I started to roll back to my spot and Emily came and helped me. The service ended with a prayer and his old Army squad saying goodbye and Tapps playing. We all went back to the cars and drove back to Tris and Leo's where we sat in the kitchen in silence and processed what just happened. After a few minutes, Leo starts going through all the cabinets frantically looking for something, "What's wrong, what are you looking for?" I asked worriedly and curiously.

"I just remembered, Scotty gave me a bottle of scotch when he left for Russia, he said we would drink it when the job was done." He cried and we all started looking.

20 minutes and a torn apart house later, we found it and Leo started pouring glasses and left me out, "Hey, I want in on this action." I said when he skipped mine.

"You shouldn't be drinking on your medication," Emily reminded me.

"One small drink isn't going to hurt me, I want this last memory of him with my brother and Tris and everyone." I choked up.

"Uhhh, she can have mine." Tris said hesitantly.

"Why?" We all asked curiously.

Tris has never been one to turn down a drink so we were all confused, "I didn't want to tell you guys today..."

"Tell us what?" Leo responded with a curiosity and twinge of excitement.

"I'm pregnant" Tris responded with a smile.

We were all super excited and congratulated them.

"I'm gonna be a dad again?" Leo responded with a huge smile.

"You're gonna be a dad again," Tris responded excitedly, "It's still super early I'm only about 5 weeks but I have a feeling it's gonna be a boy.

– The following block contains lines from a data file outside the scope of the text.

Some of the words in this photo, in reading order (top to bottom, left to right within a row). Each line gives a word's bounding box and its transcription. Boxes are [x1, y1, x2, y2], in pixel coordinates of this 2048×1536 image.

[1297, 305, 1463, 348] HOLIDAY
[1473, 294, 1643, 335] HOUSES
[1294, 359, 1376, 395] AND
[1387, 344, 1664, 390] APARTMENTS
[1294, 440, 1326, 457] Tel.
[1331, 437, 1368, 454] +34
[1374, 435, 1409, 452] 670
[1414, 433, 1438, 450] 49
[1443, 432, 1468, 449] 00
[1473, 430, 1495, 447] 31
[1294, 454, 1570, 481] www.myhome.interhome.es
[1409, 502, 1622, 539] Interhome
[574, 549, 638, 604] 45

I have a name in mind." She looked at Leo who had a smile and was starting to cry.

Leo picked up Tris and spun her around with excitement and giggled, I've never heard him laugh like that. He was so happy but I started thinking.

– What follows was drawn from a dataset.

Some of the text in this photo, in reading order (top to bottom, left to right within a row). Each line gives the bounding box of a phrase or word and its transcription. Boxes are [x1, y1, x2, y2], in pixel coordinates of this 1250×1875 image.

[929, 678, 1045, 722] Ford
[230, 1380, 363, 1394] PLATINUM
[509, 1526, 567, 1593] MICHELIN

"Wait, Leo's only been home like 5 and a half weeks." I said hesitantly.

"Yeah when we found out you were awake and after I talked to you, we may or may not have snuck off to a private bathroom." Leo said with a guilty smile.

"You did not!" I responded with shock, "I was at death's front door and you two were having the time of your life in the hospital bathroom!" I exclaimed and started dying of laughter, subsequently Elaina walked over right as I said that.

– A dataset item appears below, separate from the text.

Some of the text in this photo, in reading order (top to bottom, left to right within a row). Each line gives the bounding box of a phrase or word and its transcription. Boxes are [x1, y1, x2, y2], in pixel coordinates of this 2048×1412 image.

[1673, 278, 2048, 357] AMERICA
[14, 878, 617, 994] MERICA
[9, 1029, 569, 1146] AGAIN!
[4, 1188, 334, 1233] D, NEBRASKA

"And thats enough of life, I think I'm gonna go die real quick." She said as she fake gagged and walked back.

We all erupted with laughter and Tristan told her to come back and told her she was going to be a big sister and she was so excited she forgot about the whole bathroom conversation earlier. In this moment, for the first time in weeks, I was truly happy, and nothing could change my mood.

Until my mom walked through the front door.